This leaflet was part of Plan Dragon. Plan Dragon used the theme of nostalgia and longing for home during the lunar New Year holiday season of 1952. This leaflet is dated 14 January 1952. During the lunar holiday season, leaflets were designed to make soldiers think of home while other leaflets targeted civilians in order to encourage dissatisfaction with their husbands and sons continued military duty. Operations culminated during the lunar New Year’s holiday. This campaign ran from 19 January 1952 to 27 January 1952. This leaflet depicts a lone Chinese soldier sitting in the snow and thinking of himself lying dead in that same snow. Crows on his body are a symbol of death. The leaflet tells him that his most valuable possession is his life, and yet one shot can put him out like a candle. The text ends with:

Why waste it needlessly? To be alive next New Year, come over to the United Nations lines. Your safety and well-being are guaranteed by the Geneva Convention.

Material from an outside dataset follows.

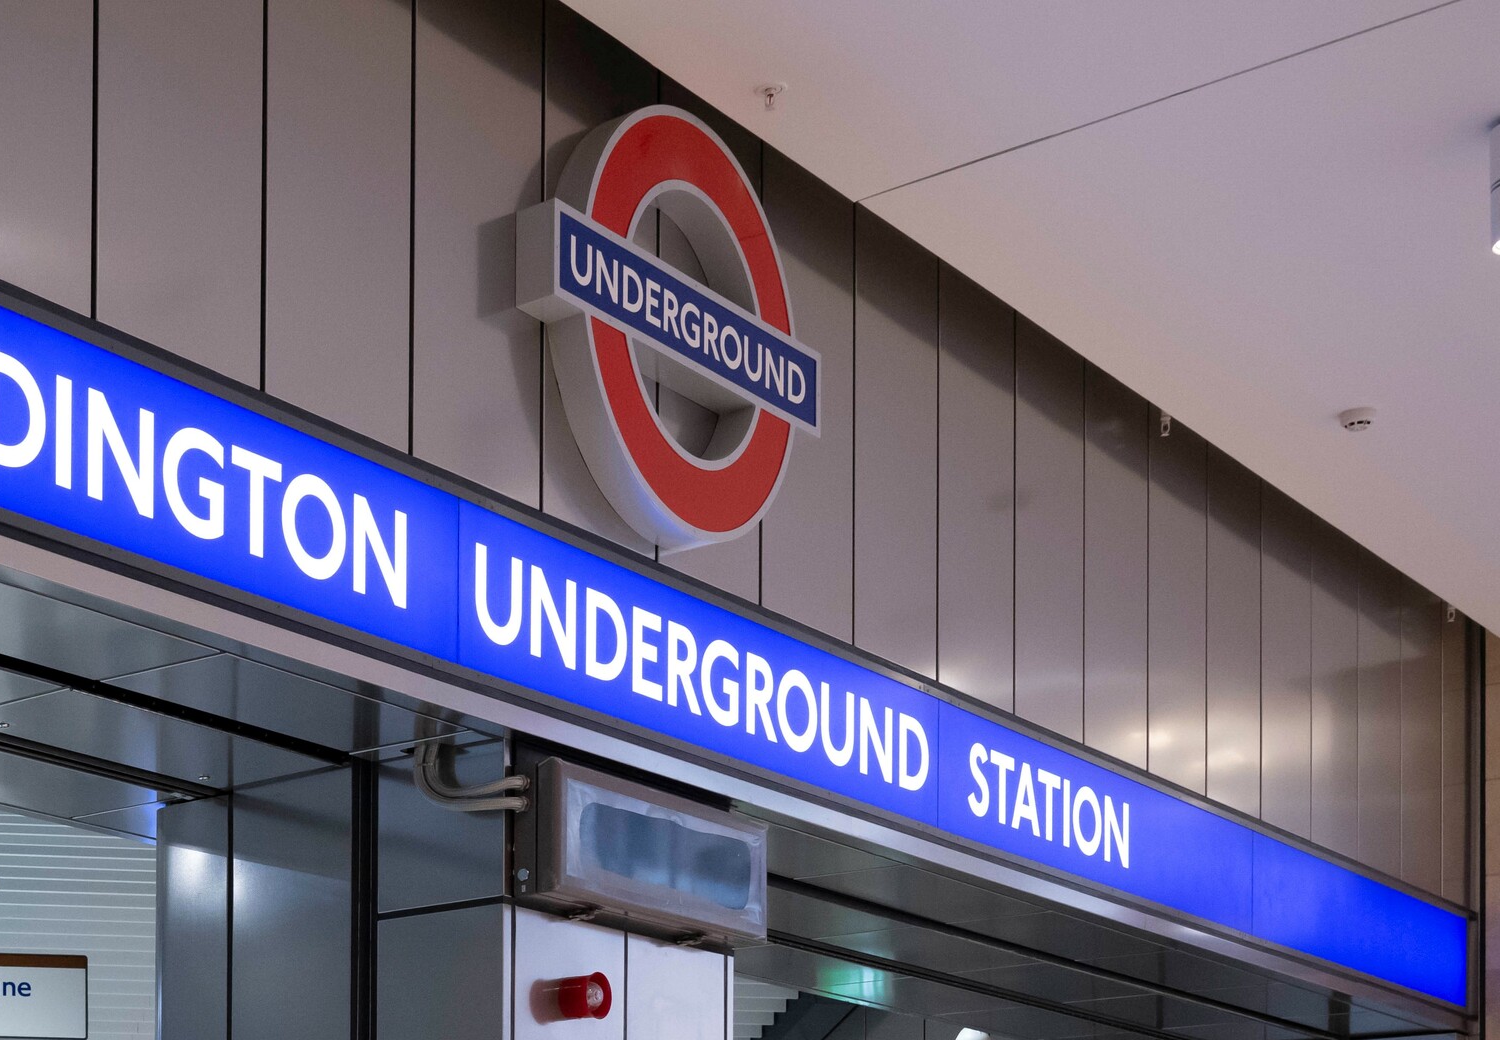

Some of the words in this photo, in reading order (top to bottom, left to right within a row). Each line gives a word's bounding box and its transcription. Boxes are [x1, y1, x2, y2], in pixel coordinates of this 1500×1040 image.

Elliot Harris mentions a problem with Chinese perception in The “Un-American” Weapon, Psychological Warfare, which might indicate that this leaflet would not work well on the Chinese. He says:

The Chinese did not appear to identify symbols in the way U.N. leaflets had intended. Leaflets using the picture-in-a-balloon technique to indicate the subject’s thoughts or dreams were completely alien to the Chinese. One leaflet with three balloon scenes was interpreted to be four unconnected pictures.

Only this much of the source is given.